→ **What needs to be done**
Every entry has to be output exactly, with none skipped.
◇ ◇ ◇ ◇
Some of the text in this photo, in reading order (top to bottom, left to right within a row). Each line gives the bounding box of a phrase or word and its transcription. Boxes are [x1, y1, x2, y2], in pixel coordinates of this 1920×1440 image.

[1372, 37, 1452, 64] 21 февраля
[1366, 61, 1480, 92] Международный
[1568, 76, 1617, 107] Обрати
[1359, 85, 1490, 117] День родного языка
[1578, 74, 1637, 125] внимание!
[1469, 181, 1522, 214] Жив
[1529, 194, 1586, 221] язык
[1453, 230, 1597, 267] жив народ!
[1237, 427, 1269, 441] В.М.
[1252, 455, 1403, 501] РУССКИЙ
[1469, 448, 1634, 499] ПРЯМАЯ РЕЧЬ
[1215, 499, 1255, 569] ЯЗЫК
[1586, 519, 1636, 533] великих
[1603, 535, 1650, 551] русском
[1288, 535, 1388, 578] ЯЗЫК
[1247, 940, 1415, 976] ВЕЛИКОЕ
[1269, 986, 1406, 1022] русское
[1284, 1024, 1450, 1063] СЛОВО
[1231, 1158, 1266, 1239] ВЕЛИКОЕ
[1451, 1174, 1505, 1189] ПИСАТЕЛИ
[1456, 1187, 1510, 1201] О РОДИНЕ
◇ ◇ ◇ ◇
→ **Worked solution**
Some of the text in this photo, in reading order (top to bottom, left to right within a row). Each line gives the bounding box of a phrase or word and its transcription. Boxes are [x1, y1, x2, y2], in pixel coordinates of this 1920×1440 image.

[1372, 37, 1452, 64] 21 февраля
[1366, 61, 1480, 92] Международный
[1568, 76, 1617, 107] Обрати
[1359, 85, 1490, 117] День родного языка
[1578, 74, 1637, 125] внимание!
[1469, 181, 1522, 214] Жив
[1529, 194, 1586, 221] язык
[1453, 230, 1597, 267] жив народ!
[1237, 427, 1269, 441] В.М.
[1252, 455, 1403, 501] РУССКИЙ
[1469, 448, 1634, 499] ПРЯМАЯ РЕЧЬ
[1215, 499, 1255, 569] ЯЗЫК
[1586, 519, 1636, 533] великих
[1603, 535, 1650, 551] русском
[1288, 535, 1388, 578] ЯЗЫК
[1247, 940, 1415, 976] ВЕЛИКОЕ
[1269, 986, 1406, 1022] русское
[1284, 1024, 1450, 1063] СЛОВО
[1231, 1158, 1266, 1239] ВЕЛИКОЕ
[1451, 1174, 1505, 1189] ПИСАТЕЛИ
[1456, 1187, 1510, 1201] О РОДИНЕ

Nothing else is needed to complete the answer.